Introduction of an electric smelting step between the DR plant and the steel shop is a technology already offered by several suppliers and plant builders. For example, thyssenkrupp Steel plans to produce “electric hot metal” by smelting DRI prior to charging it to its BOF converters. Such technology offers a possible longer-term solution for the Pilbara iron ore producers in Western Australia, whose ore is difficult and costly to beneficiate to DR quality.

As the transition from BF/BOF to DR/EAF takes effect, some pellet producers out of necessity shift supply from the BF to the DR sector. Some already have upgraded their beneficiation plants to enable production of DR-grade pellets, notably in the CIS countries. However, given existing and planned DR projects in the CIS, it seems likely that by the late 2020s all or most CIS-produced DR feedstock will be consumed domestically, with the exception of pellets from Ukrainian producer Ferrexpo, which is well-located to supply European DR plants.

Both Canadian pellet producers, IOC and ArcelorMittal Canada, have plans to increase supply to the DR sector. ArcelorMittal recently announced plans to upgrade 100% of its 10 mt pellet capacity at Port Cartier to DR-grade.

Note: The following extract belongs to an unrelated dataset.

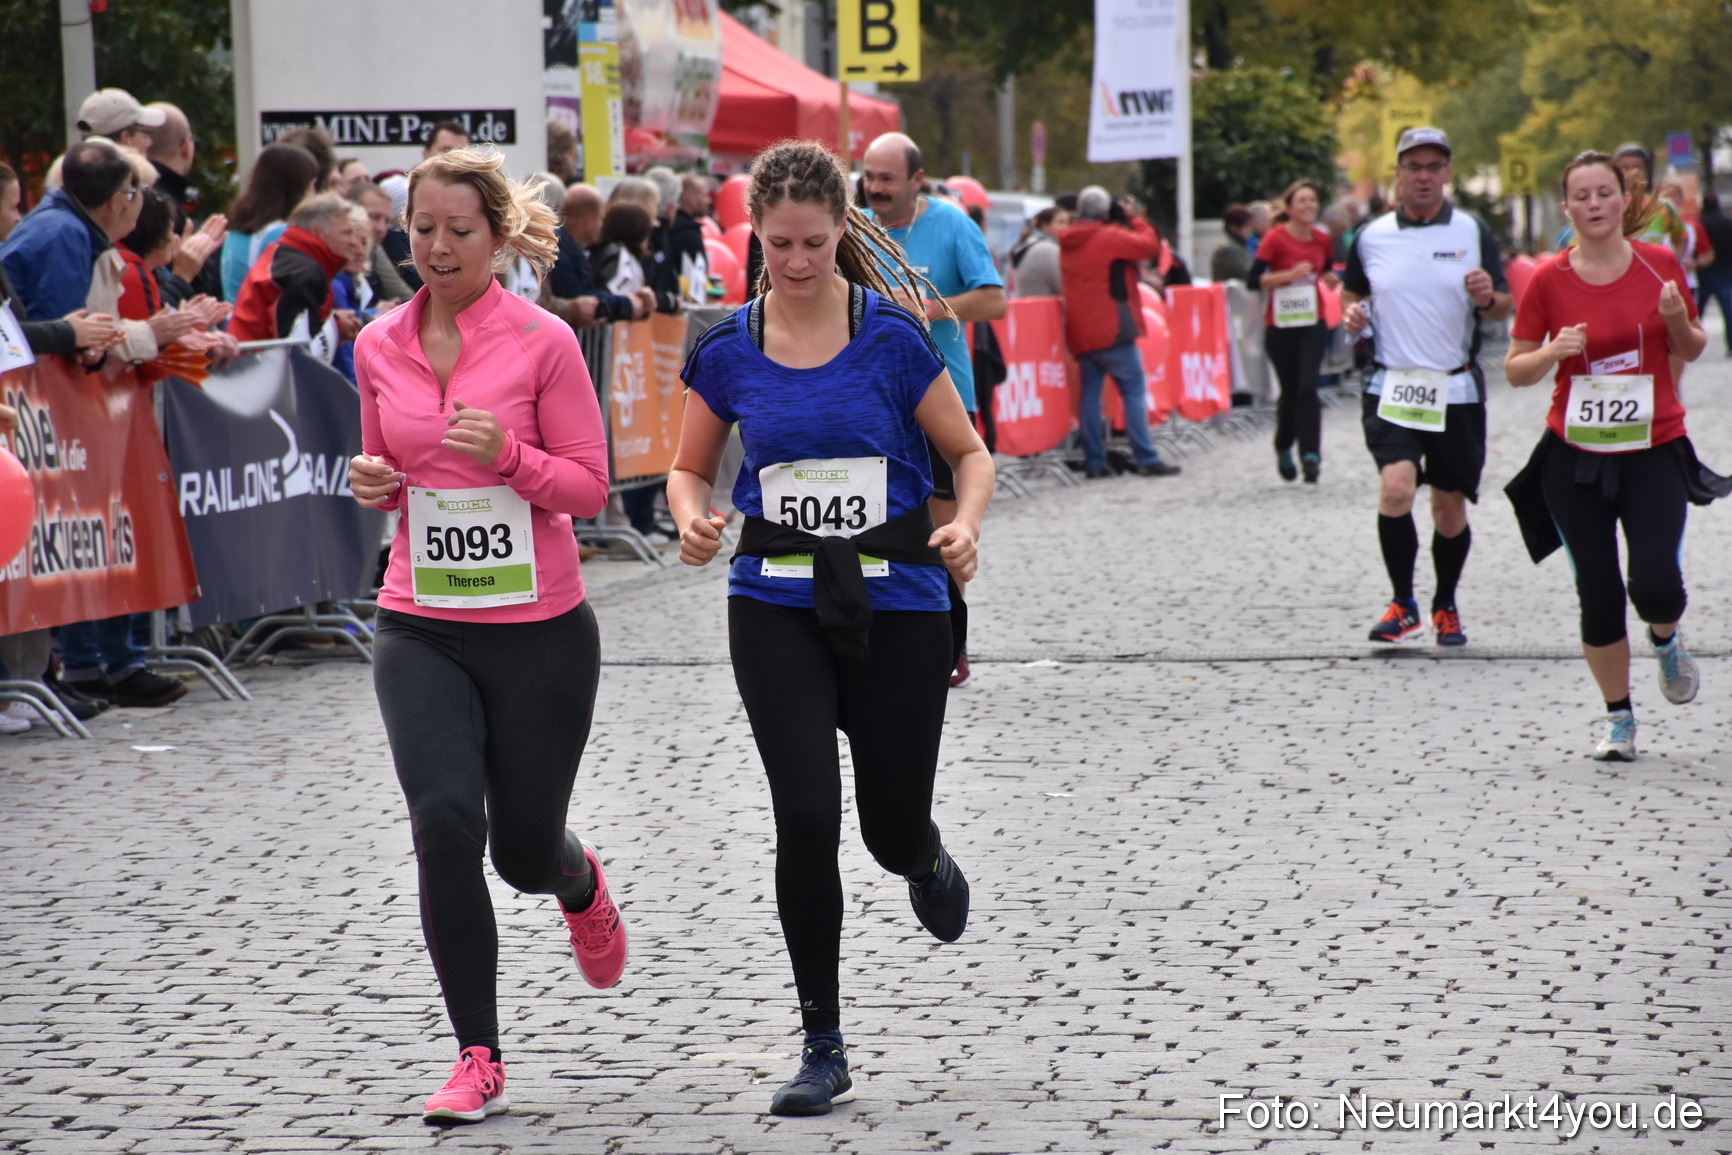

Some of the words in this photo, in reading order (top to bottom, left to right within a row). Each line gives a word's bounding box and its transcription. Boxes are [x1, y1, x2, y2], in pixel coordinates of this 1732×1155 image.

Vale’s cold-bonded briquette product offers significant potential, but its suitability as DR feedstock has yet to be demonstrated. Vale has three briquette plants already under construction in Brazil and has the eventual goal of 50 mt briquettes, including a plant in Oman.

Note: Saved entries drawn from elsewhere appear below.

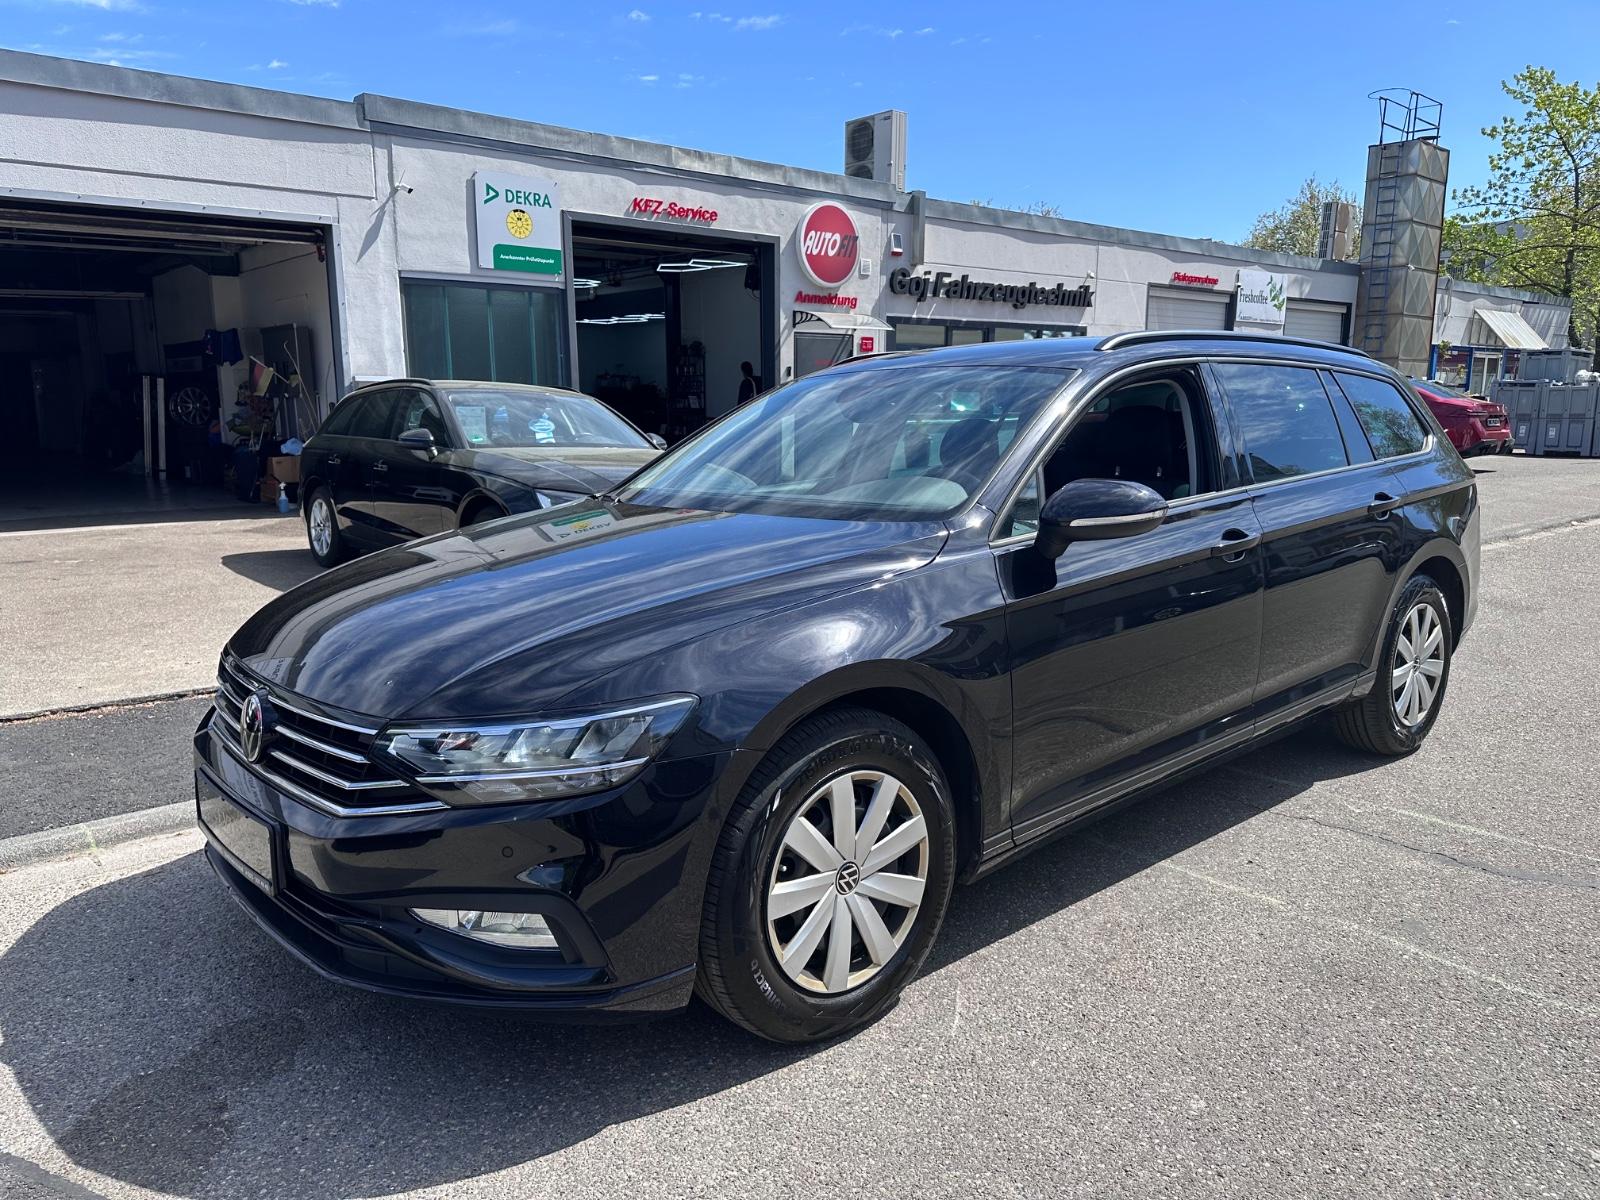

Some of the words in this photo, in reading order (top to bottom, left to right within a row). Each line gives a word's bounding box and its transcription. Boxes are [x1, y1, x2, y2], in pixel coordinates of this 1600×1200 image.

[504, 189, 552, 208] DEKRA
[630, 197, 718, 221] KFZ-Service
[890, 267, 931, 302] Goj
[933, 271, 1095, 309] Fahrzeugtechnik
[1239, 287, 1269, 305] Freshcoffee
[795, 290, 857, 309] Anmeldung

LKAB merits mention. It has announced its longer-term strategy of transitioning from a supplier of pellets to a supplier of HBI, with six DR plants planned from the late 2020s to the mid-2040s, three each at Malmberget and Kiruna. This would mean progressive withdrawal of about 7 mt DR-grade pellets from the international market. Part of the HBI would be destined for SSAB’s steel plants in Luleå and Raahe (LKAB is a partner, together with SSAB, in the HYBRIT project, which aims at fossil-free steel production).

LONGER-TERM

More pelletising capacity will be required, both brownfield and greenfield. There are a few failed pellet projects with DR quality capability which could be revived; for example, New Millennium Iron’s LabMag and KeMag projects in eastern Canada, Mesabi Metallics’ project in Nashwauk MN, and various joint venture projects in Mauritania. Other projects doubtlessly will emerge.

The model adopted by Tosyali Algerie of installing a pelletising plant alongside its DR plant is one that should be considered by prospective producers of DRI. SULB/Bahrain Steel is a similar example. Tata Steel’s planned DR plant at IJmuiden in the Netherlands will utilise pellets from the existing on-site pelletising plant. The concept of captive pellet supply can of course manifest itself in other ways, such as joint ventures with iron ore producers, for example the recently announced MoU between Emirates Steel Industries and iron ore producer SNIM in Mauritania.

Investing in a captive pelletising plant shifts the sourcing to pellet feed. Currently, the current commercial availability of DR quality pellet feed is limited to a small number of suppliers, notably Anglo American’s Minas Rio operation in Brazil (under contract with Bahrain Steel), Kaunis Iron in Sweden (producing about 2 mt of high-grade concentrate with plans to expand production), Champion Iron in eastern Canada (with a strategy to increase the share of DR-grade concentrate in its production) and CMP in Chile, which produces several high grade magnetite concentrate products. Tosyali Algerie’s model of addition of a captive ore beneficiation plant will give it considerable flexibility in sourcing pellet feed.

There are various new projects at different stages of development aimed at production of high-grade iron ore concentrate including Black Iron’s Shymanivske project in Ukraine (first phase 4 mt, second phase 8 mt, 68% Fe pellet feed concentrate), several projects in Scandinavia (Nordic Iron Ore and Beowulf Mining in Sweden, Tacora Resources in Norway), and various magnetite projects in Australia (including Grange Resources’ Southdown project, Hawsons Iron, and Magnetite Mines).

Finally, consideration should be given to fines-based DR processes, of which Circored and HYFOR are examples, the former using fines 0.1-2 mm, the latter using concentrates up to 150 µm.